Here it is, you lovely bunch – the food, the food. Oh hell, the food.

It’s everywhere in Kolkata. On Ma’s table (she’s one of the finest, most casual cooks I know), on the streets, in conversations, on wooden carts, in smart restaurants and ramshackle ones. It’s a city where gluttony is a pastime. And while we were there, it didn’t feel like no sin.

So here are the spoils of the war we waged over three weeks. Most of the places where we ate were worth their weight in pure nostalgia. A few were uncharted territories. And some were just grabbed off the street, on the way, without a plan.

And thrown in there are the bazaars, the wicker baskets full of fresh produce, the fish market, the local butcher Baba swears by, the street food, the sweet shops. Sweet sin!

Tell me what you think, which ones you like – for this plate is as much mine as it is yours. The list here is by no means complete; just scratching the surface, my friends.

So. If you go to Kolkata for one reason, and no other, let it be fu-hood.


First the sweets. It had to be the sweets.
Here are some of my favourite picks.
From Balaram Mullick & Radharaman Mullick: Baked rossogolla, baked mihidana, patishapta (as close as it gets to the homemade version)
From Banchharam: Kanchagolla, aabar khabo, notun-gurer shondesh, pantua (gulab jamun)
From Jadab Chandra Das: Mishti doi (sweet yogurt)

Something to try: A combination that D and I absolutely love, and which was passed down by my father-in-law, is ‘tok doi aar bondey’ (plain yogurt topped with sweet boondi).

S. Sharma & Sons, opposite Saturday Club – a friend took us to this hole-in-the-wall on Wood Street for the most amazing rabri. Rabri would be best described as sweet, thickened milk with a creamy-cheesy consistency. Wonderful.

And you know you’ve got to have jalebis, right? Just after they’ve been fried and dipped in that sweet sticky syrup.
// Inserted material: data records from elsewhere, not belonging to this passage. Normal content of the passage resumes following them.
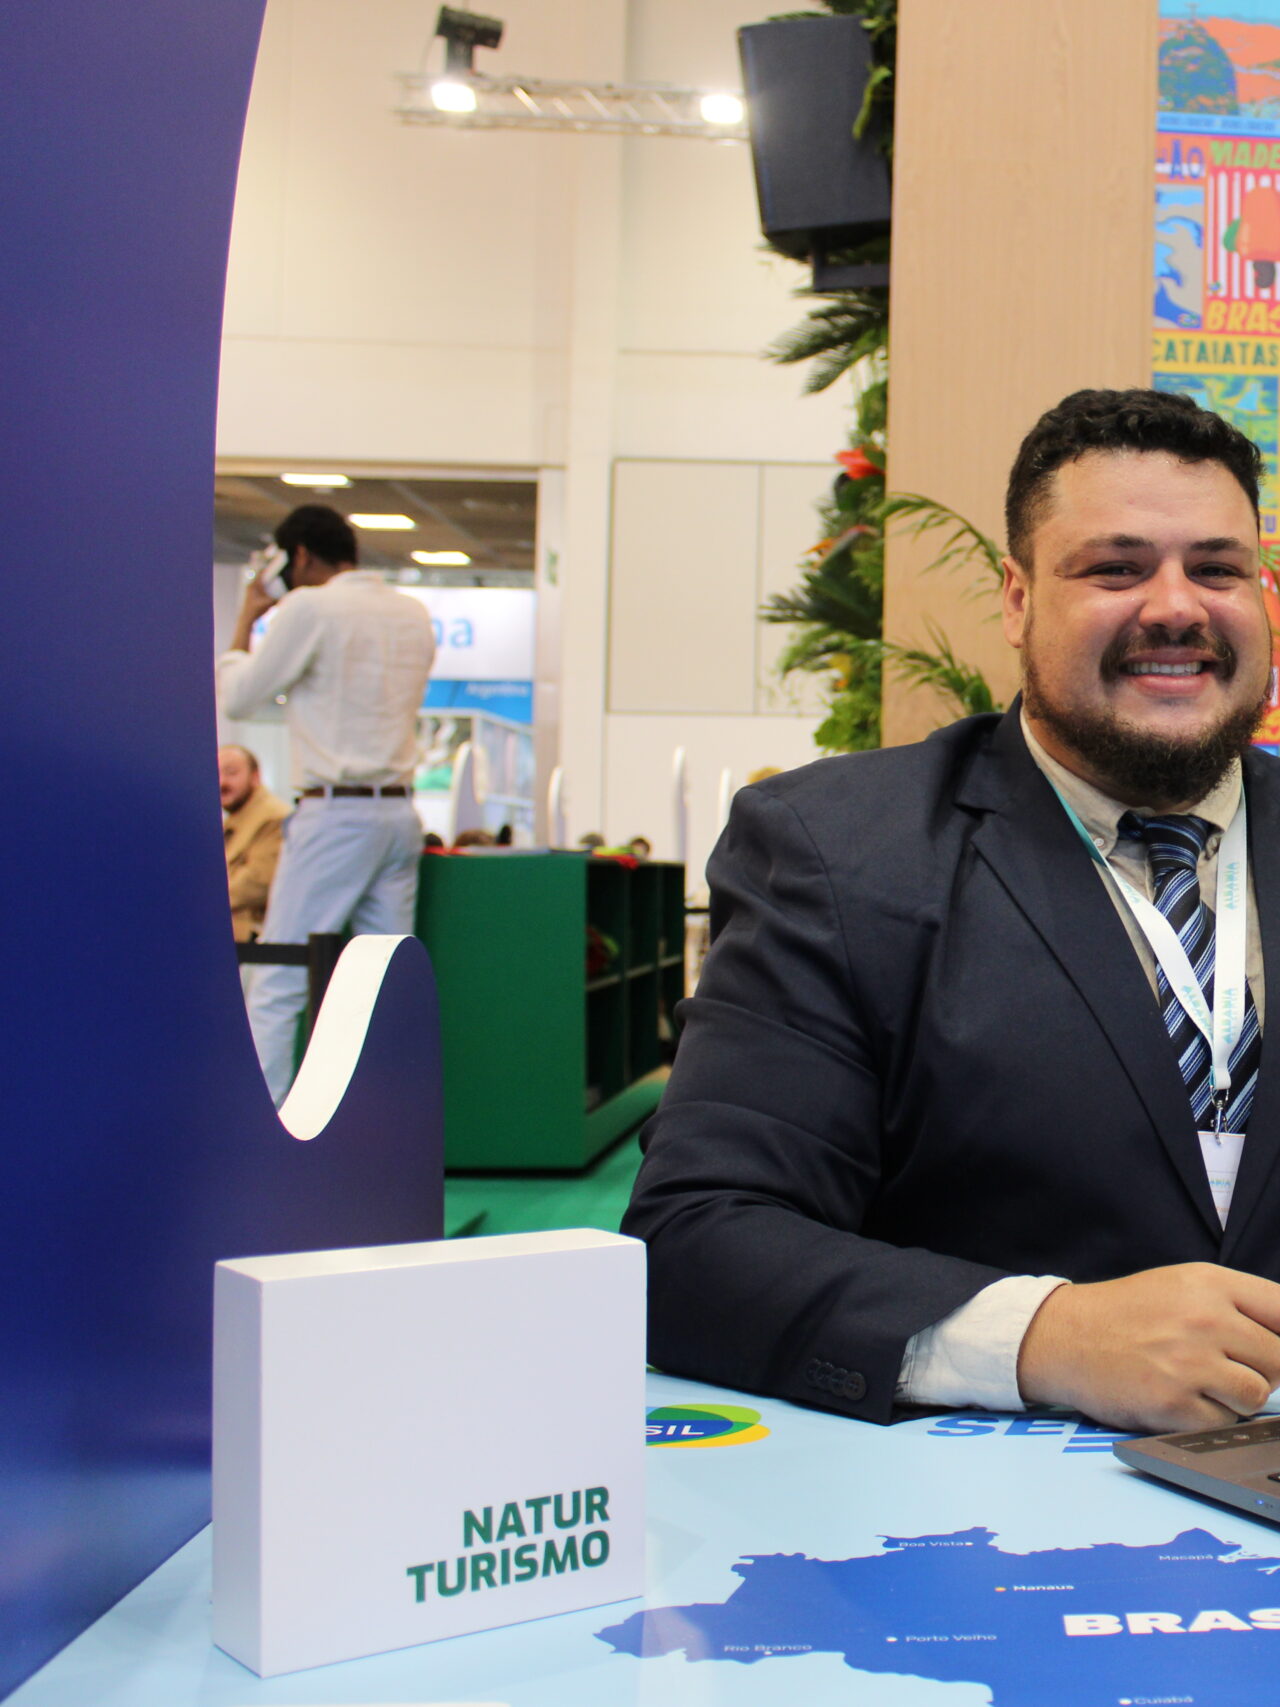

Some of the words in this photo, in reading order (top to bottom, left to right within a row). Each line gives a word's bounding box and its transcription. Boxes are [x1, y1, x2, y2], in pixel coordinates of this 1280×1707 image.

[463, 1486, 610, 1548] NATUR
[407, 1530, 610, 1603] TURISMO
[1012, 1584, 1075, 1592] Manaus
[905, 1634, 948, 1643] Porto
[952, 1633, 998, 1642] Velho
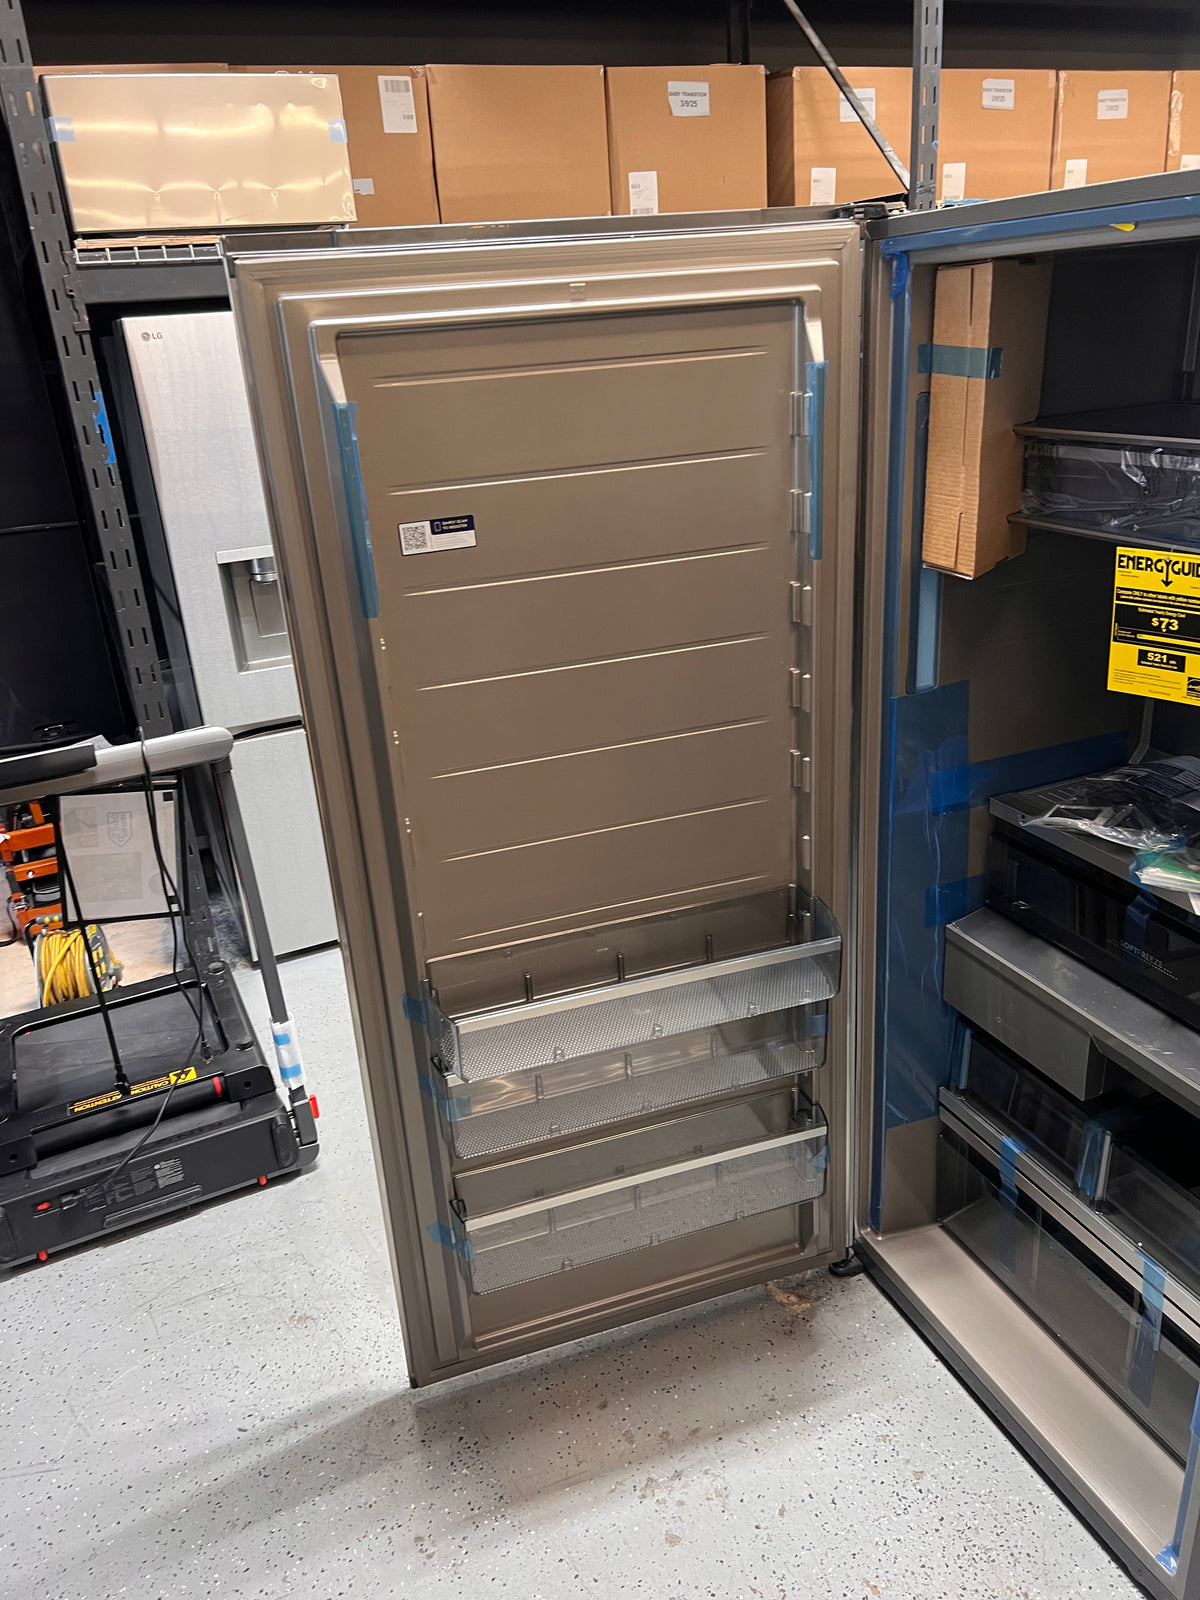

That’s right, you’ve got to.

Kulfi, or Indian ice-cream, from this man, here.
Where: Shakespeare Sarani-Wood Street crossing.
My top flavours: Nolen gur, chikoo, santra, sitaphal.

A few must-dos on Park Street, the street where Kolkata eats out:
1. Chelo Kebab in Peter Cat
2. Chinese food (I really should say Indo-Chinese) at Bar-B-Q
3. Breakfast or tea at Flury’s (overpriced though it is).

For Indo-Chinese, outside of Park Street, you can’t leave the city without:
The weekend buffet at Mainland China
And a meal in Tangra (Tangra is Kolkata’s Chinatown, and Kim Fa is the restaurant where People In The Know go now)

Now street food! What can I say. For me, Kolkata is the Street Food City of India. You could have something different every day, and still not run out of options. Start with puchkas, end with chicken rolls, squeeze in some momos in between. Have a chai. Run wild.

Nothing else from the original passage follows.